The AMPLATZER® TorqVue® Low Profile Delivery System is indicated to provide a pathway through which devices are introduced into the peripheral vasculature.

The AMPLATZER TorqVue Low Profile Delivery System is a sterile, single-use device designed to facilitate the introduction of devices to a location within the peripheral vasculature. The catheter has a single lumen for passage of transvenous devices with maximum outer diameters of 4 and 5 French. The catheters will be provided in 60 cm and 80 cm usable lengths. The system includes the following components:
• Delivery Catheter - used to deliver transvenous devices
• Loader- used to help introduce the selected implantable device into the delivery catheter
• Delivery Wire (optional) – attaches to the implantable device and facilitates advancement through the catheter, placement and, if desired, recapture of the specified implantable device. [If this surgical accessory (Product Code = DWS) is included, the labeling will specify compatibility with the appropriate implantable devices.]
• Plastic Vise (included with delivery wire) – a handle that is attached to the Delivery Wire by means of a set screw
• Hemostasis Valve- used on the proximal end of the Loader to minimize bleeding from the Delivery Catheter and for flushing air from the system

Here's an analysis of the provided text regarding the acceptance criteria and study for the AMPLATZER® TorqVue® Low Profile Delivery System:

1. Table of Acceptance Criteria and Reported Device Performance

Explanation: The document explicitly states that "Verification and validation testing confirms that the functional characteristics of the AMPLATZER® TorqVue® Low Profile Delivery Systems are substantially equivalent to the predicate device cited. This included catheter integrity, catheter kink resistance, leak resistance, hub strength and the ability to deliver various implantable devices." The specific numerical acceptance criteria (e.g., "kink resistance must withstand X N of force") and the exact performance values (e.g., "kink resistance withstood Y N") are not provided in this summary. The evaluation is made against a predicate device, seeking "substantial equivalence."

2. Sample Size Used for the Test Set and Data Provenance

The document does not specify the sample size used for the test set or the data provenance (e.g., country of origin, retrospective or prospective). It broadly mentions "Verification and validation testing" and "laboratory verification tests and in vitro performance information."

3. Number of Experts Used to Establish the Ground Truth for the Test Set and Qualifications of Those Experts

This information is not provided in the document. The studies described are primarily laboratory and in vitro performance tests, not clinical studies involving expert interpretation of patient data to establish ground truth.

4. Adjudication Method for the Test Set

This information is not applicable and not provided as the described tests are laboratory and in vitro performance assessments, not studies requiring human expert adjudication of results.

5. If a Multi Reader Multi Case (MRMC) Comparative Effectiveness Study Was Done, If So, What Was the Effect Size of How Much Human Readers Improve with AI vs Without AI Assistance

A Multi-Reader Multi-Case (MRMC) comparative effectiveness study was not conducted and is not relevant to this device. This device is a medical delivery system, not an AI-powered diagnostic or assistive tool for human readers.

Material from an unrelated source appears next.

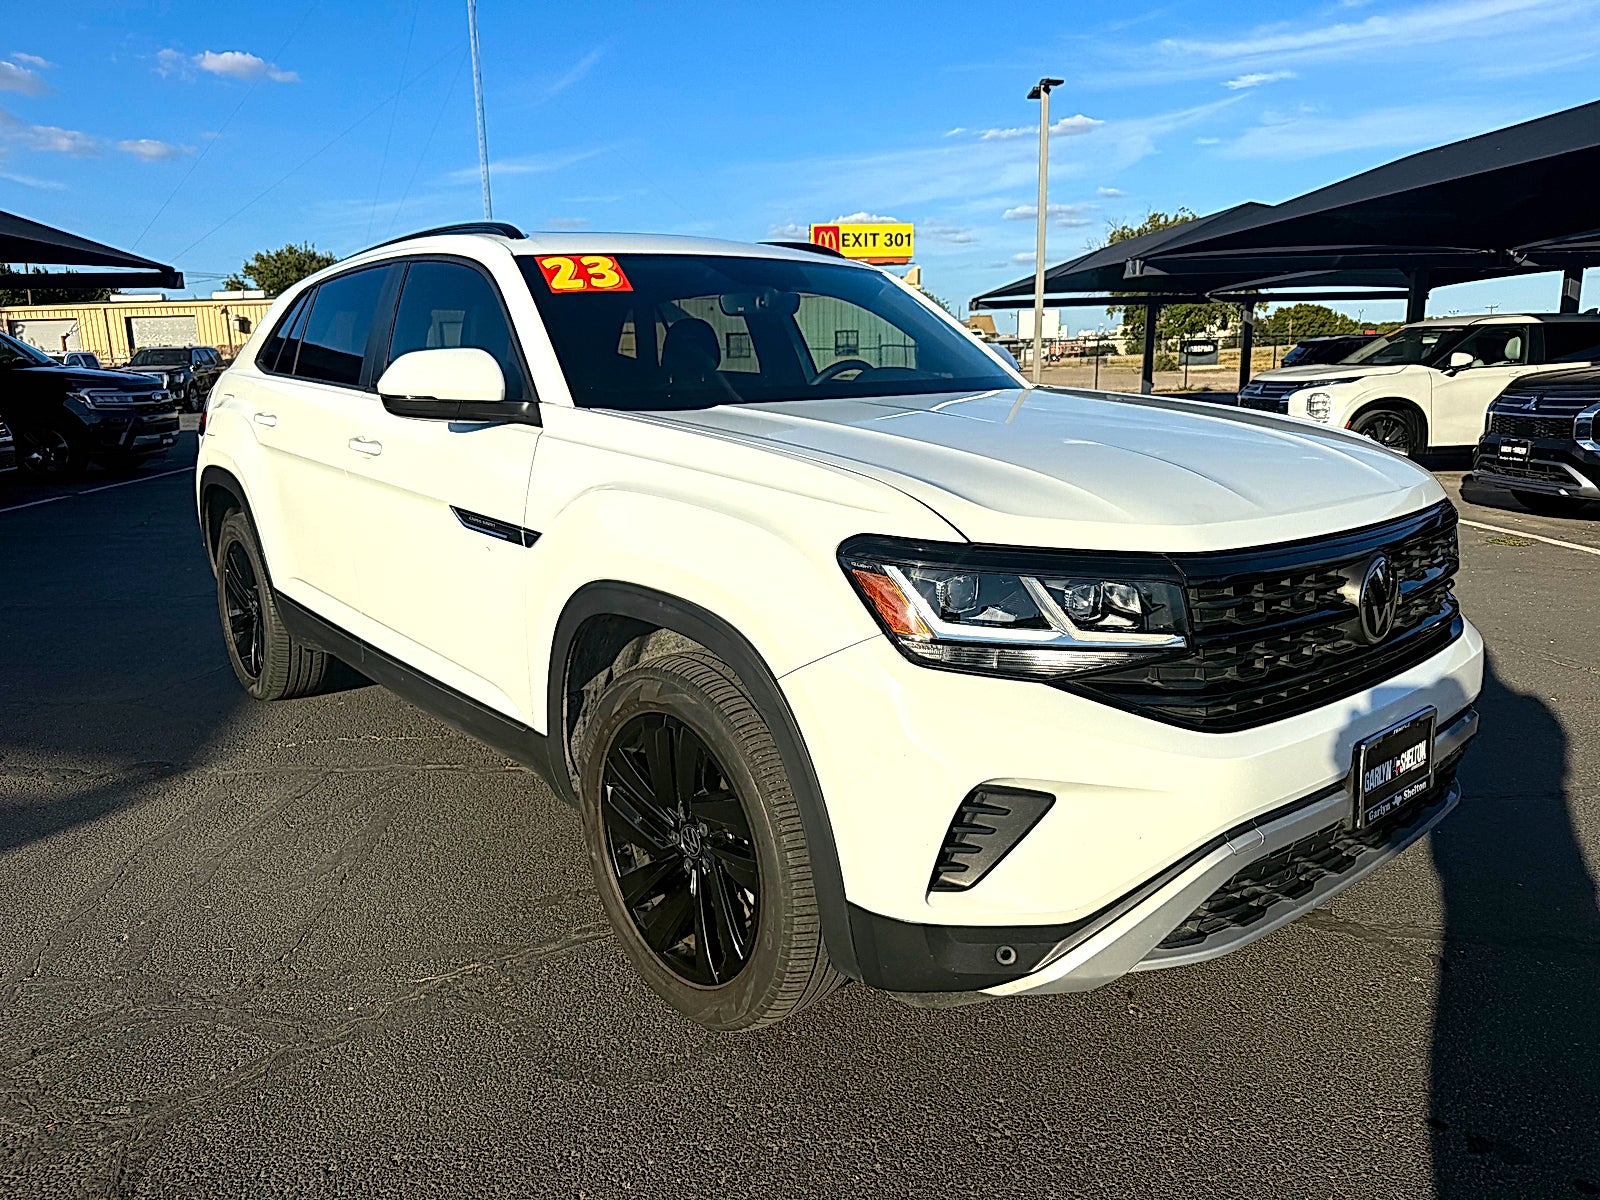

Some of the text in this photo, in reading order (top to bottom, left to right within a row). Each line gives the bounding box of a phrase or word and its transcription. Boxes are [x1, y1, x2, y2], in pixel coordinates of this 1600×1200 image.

[841, 232, 912, 248] EXIT 301
[541, 255, 624, 291] 23
[1364, 739, 1427, 793] GARLYN SHELTON
[1368, 780, 1427, 821] Garlyn Shelton

6. If a Standalone (i.e. algorithm only without human-in-the-loop performance) Was Done

A standalone performance evaluation in the context of an algorithm or AI was not performed or described. This is a medical device, not a software algorithm. The "standalone" performance here refers to the device's functional characteristics tested in a lab setting, which were indeed conducted without human operator variables, beyond basic operation.

7. The Type of Ground Truth Used

The "ground truth" for the performance tests was established through objective laboratory measurements and in vitro performance evaluations against pre-defined engineering and performance specifications, likely derived from the predicate device's characteristics or internal design requirements. It's not based on expert consensus, pathology, or outcomes data in a clinical sense.

8. The Sample Size for the Training Set

This information is not provided and is not applicable in the context of this device. A training set typically refers to data used to train machine learning models, which is not relevant here.

9. How the Ground Truth for the Training Set Was Established

This information is not provided and is not applicable as there is no mention of a training set or machine learning in the context of this device.